OpenAI built a text generator so well, it is considered too dangerous to release – TechCrunch

A storm brews on a new language model, built by nonprofit artificial intelligence research firm OpenAI, which is so good at generating compelling, well-written text that it is concerned about potential abuse. [19659002] It is disturbed by anyone in the community who has accused the company of pursuing a promise not to terminate their research.

OpenAI said that the new natural language model, GPT-2, was trained to predict the next word in a sample of 40 gigabytes of internet text. The end result was system generating text that "adapts to the style and content of the fitness text" so that the user can "generate realistic and coherent continuations of a subject of their choice." The model is a great improvement on the first version by producing longer text with greater context.

But with every good use of the system, such as robots that have better dialogue and better speech recognition, nonprofits found more, such as generating fake news, explaining people or automating abuse or spam comments on social media.

To understand: when the GPT-2 was tasked with answering the question, "Recycling is good for the world", which almost everyone agrees, the machine flushed back: [1[ads1]9659006] "Recycling is not good for the world.

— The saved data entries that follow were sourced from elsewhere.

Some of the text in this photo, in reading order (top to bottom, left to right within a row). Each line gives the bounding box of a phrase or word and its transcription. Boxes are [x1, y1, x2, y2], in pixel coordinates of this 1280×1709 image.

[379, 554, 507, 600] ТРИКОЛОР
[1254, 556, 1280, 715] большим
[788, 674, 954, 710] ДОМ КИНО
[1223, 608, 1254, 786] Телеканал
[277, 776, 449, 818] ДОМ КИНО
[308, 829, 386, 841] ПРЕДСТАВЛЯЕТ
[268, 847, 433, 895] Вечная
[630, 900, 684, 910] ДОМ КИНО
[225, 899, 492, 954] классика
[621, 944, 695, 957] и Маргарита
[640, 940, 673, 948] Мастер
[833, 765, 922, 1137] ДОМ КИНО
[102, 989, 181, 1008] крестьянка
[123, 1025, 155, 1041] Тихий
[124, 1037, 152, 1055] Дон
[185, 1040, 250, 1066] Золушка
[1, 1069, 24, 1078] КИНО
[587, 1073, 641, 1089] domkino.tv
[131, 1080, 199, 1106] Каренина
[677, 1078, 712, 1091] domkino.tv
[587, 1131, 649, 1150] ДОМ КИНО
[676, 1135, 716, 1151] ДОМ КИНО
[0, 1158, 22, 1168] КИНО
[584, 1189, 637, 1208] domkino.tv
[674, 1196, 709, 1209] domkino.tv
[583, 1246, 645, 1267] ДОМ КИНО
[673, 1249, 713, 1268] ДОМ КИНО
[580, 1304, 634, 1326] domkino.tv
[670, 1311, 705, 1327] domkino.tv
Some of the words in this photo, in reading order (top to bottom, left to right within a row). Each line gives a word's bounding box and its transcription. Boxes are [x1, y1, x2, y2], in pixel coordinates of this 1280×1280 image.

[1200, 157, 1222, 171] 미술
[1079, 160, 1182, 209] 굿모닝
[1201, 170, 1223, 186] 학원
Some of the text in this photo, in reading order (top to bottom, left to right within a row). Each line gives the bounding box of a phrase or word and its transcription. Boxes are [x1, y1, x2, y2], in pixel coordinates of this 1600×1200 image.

It is bad for the environment, it is bad for our health, and it is bad for our economy. I am not kidding. Recycling is not good for the environment. It is devastating to the earth and it is a major contributor to global warming. Not good for our health, it contributes to obesity and diseases such as heart disease and cancer. Recycling is bad for our economy, it increases the price of a product and, in turn, the price of everything that is made with that product. Our Nation We pay a huge price for the privilege of having the world's most advanced and efficient recycling system. Recycling is a huge, huge waste of time, energy, money and resources. "

No wonder, OpenAI was worried about letting it go.

Therefore, OpenAI said it only publishes a smaller version of the language model, referring to its charter, which noted that the organizations expect "security and security issues to reduce our traditional publishing in the future." Clearly, the organization said it was not sure of the decision, "we believe that the AI ​​community will eventually have to deal with the issue of publication standards thoughtfully in some areas of research."

Not everyone took it well. OpenAIs tweet announces GPT-2 was faced with anger and frustration, accusing the company of "closing" its research and doing the opposite of open, and taking on the company's name.

Others were more forgiving and called the move a "new bar for ethics" to think ahead for possible abuse.

Jack Clark, police officer at OpenAI, said that the organization's priority is "does not allow malicious or violent use of the technology" it calls a "very tough balancing act for us." was called into the controversy and confirmed in a tweet which he has not been involved in the company "for over a year" and that he and the company shared "good terms".

OpenAI said it was not settled on a final decision on GPT-2's release and that it will go in six months. Meanwhile, the company said that governments "should consider expanding or initiating measures to systematically monitor the societal impact and spread of AI technologies, and to measure the progress of the characteristics of such systems."

Only this week, President Trump signed an executive confirmation of artificial intelligence. It comes months after the US intelligence community announced that artificial intelligence was one of the many "emerging threats" to US national security, along with quantum calculations and autonomous unmanned cars.